The camera angle tilted slightly as another wave of attackers entered the foyer.

There were more footsteps and more movement. Before they could fully advance, Archie’s arm flicked forward.

Knives. Actual knives.

They flew with frightening accuracy, embedding into two men before they could even raise their weapons properly. One clutched his throat. Another collapsed mid-step.

A third tried to pivot, but he was too slow. Archie had already drawn a handgun. The shots were precise. Clean. Focussed.

He fired into the fallen men as they attempted to recover, eliminating movement before it could become a threat. There was no hesitation and no wasted motion. Just calculated follow-through.

I stared at the screen, frozen.

Outside the panic room, chaos was unfolding.

Inside, we watched it happen in silence.

Tone leaned forward so sharply her knuckles turned white against the console.

“He’s not limping,” she remarked.

I blinked. She was right.

He surged forward across the foyer with complete balance, no drag in his step, no visible weakness in his gait. The cane was no longer a support. It was a weapon. An extension of him.

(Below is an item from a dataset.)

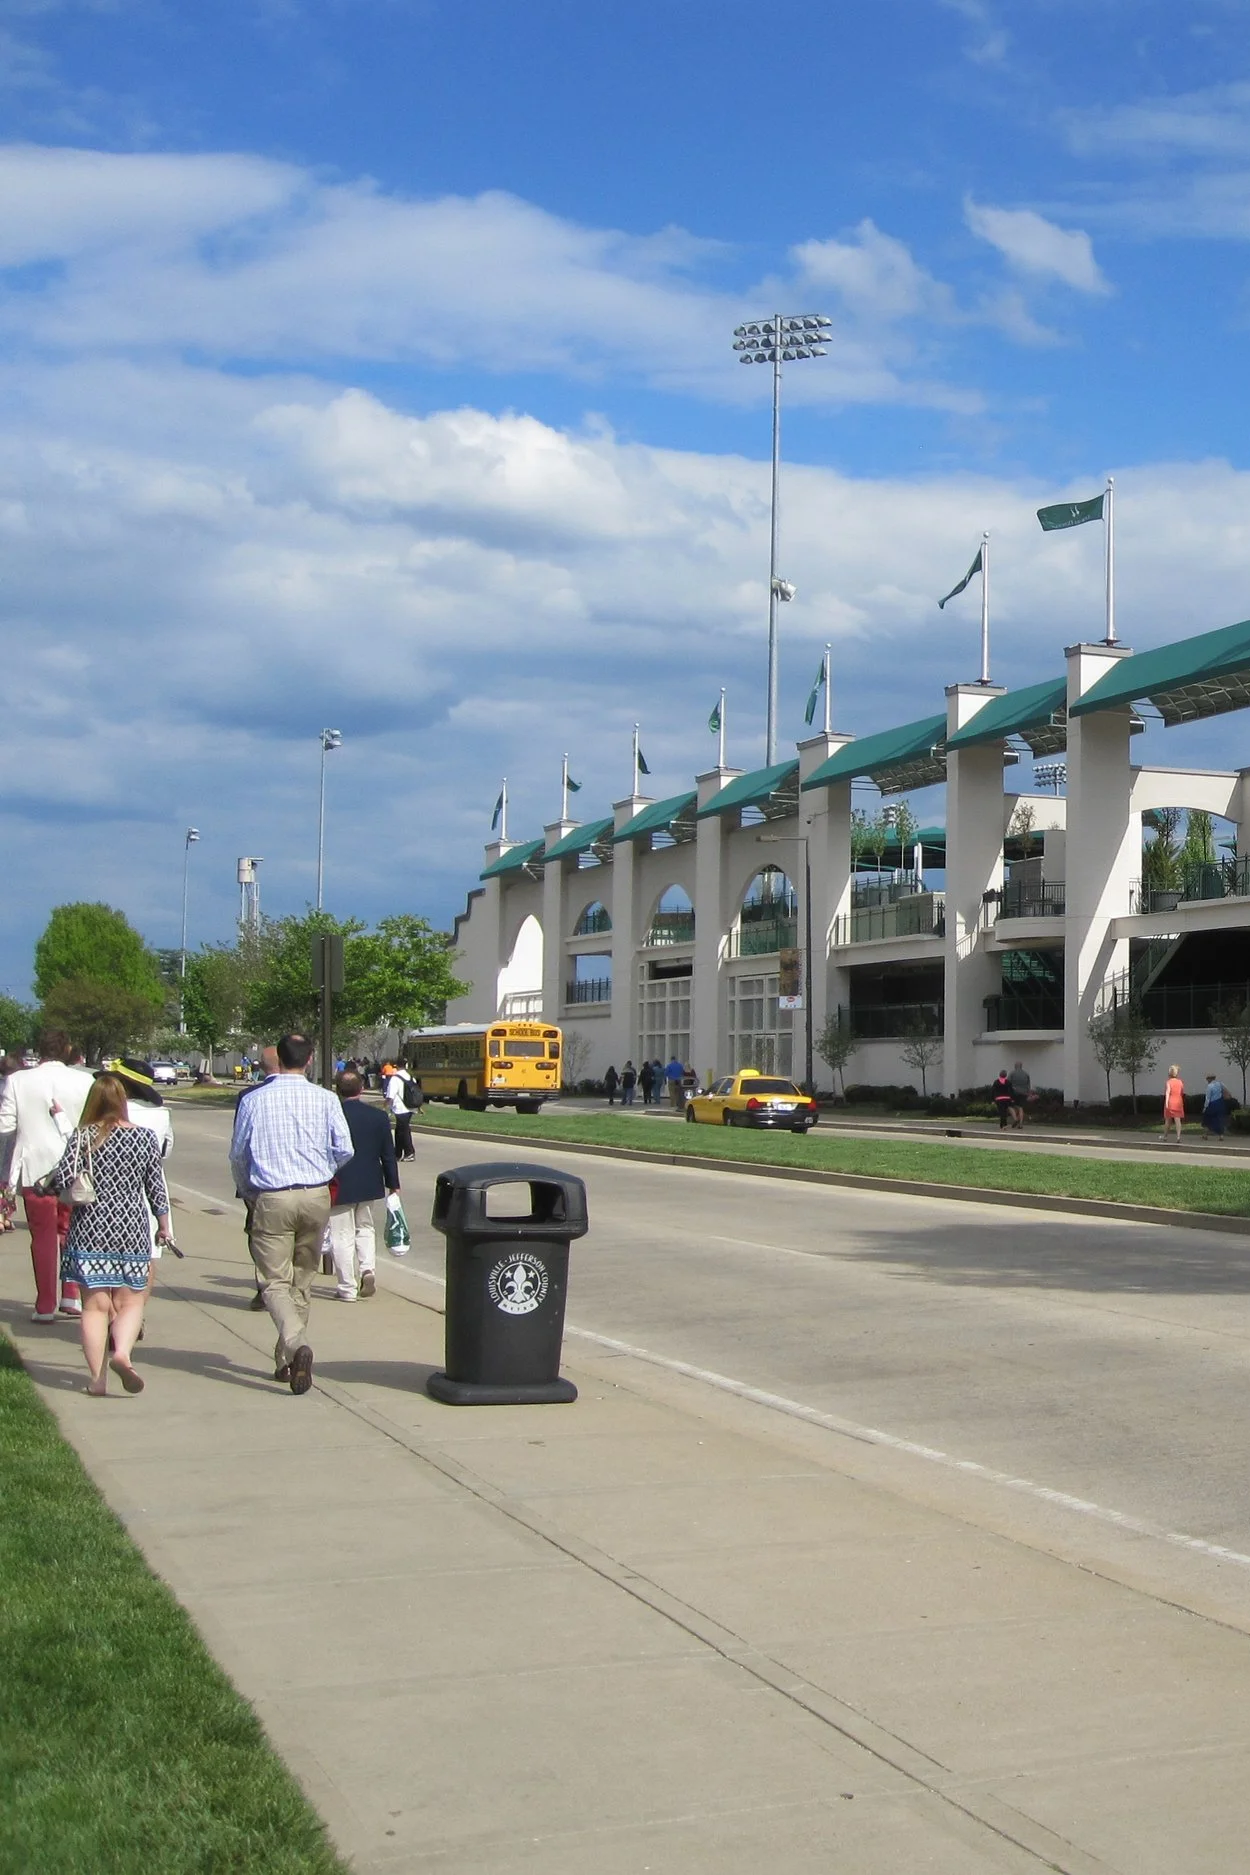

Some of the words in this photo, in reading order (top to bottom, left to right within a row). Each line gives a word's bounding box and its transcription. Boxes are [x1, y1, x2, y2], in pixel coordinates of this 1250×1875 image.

Another man lunged from the side corridor.

Archie pivoted smoothly and closed the distance in seconds, grabbing the attacker’s collar and driving a single bullet into his head at point-blank range.

The man dropped instantly.

Archie didn’t celebrate. He scanned the foyer once, methodically, confirming every body, every angle, every potential movement. Until he was satisfied that was the last of them.

Then he straightened fully. And only then did he resume the limp.

Tone made a strangled noise somewhere between a gasp and a shriek.

“Dumb fucker forgot to limp!” she screeched, slapping a hand over her mouth a second later like she couldn’t believe she’d verbalized her observations.

I couldn’t speak. Couldn’t process what was happening.

The harmless man who had arrived at the door with a cane and polite greetings was gone, no longer harmless. In his place stood someone precise, ruthless, and terrifyingly efficient. And for the first time since the gunfire started, a new fear settled in my chest. Not just of the men outside.

But of how much danger Raze had clearly anticipated if this was the man he trusted to stand between us and the rest of the world.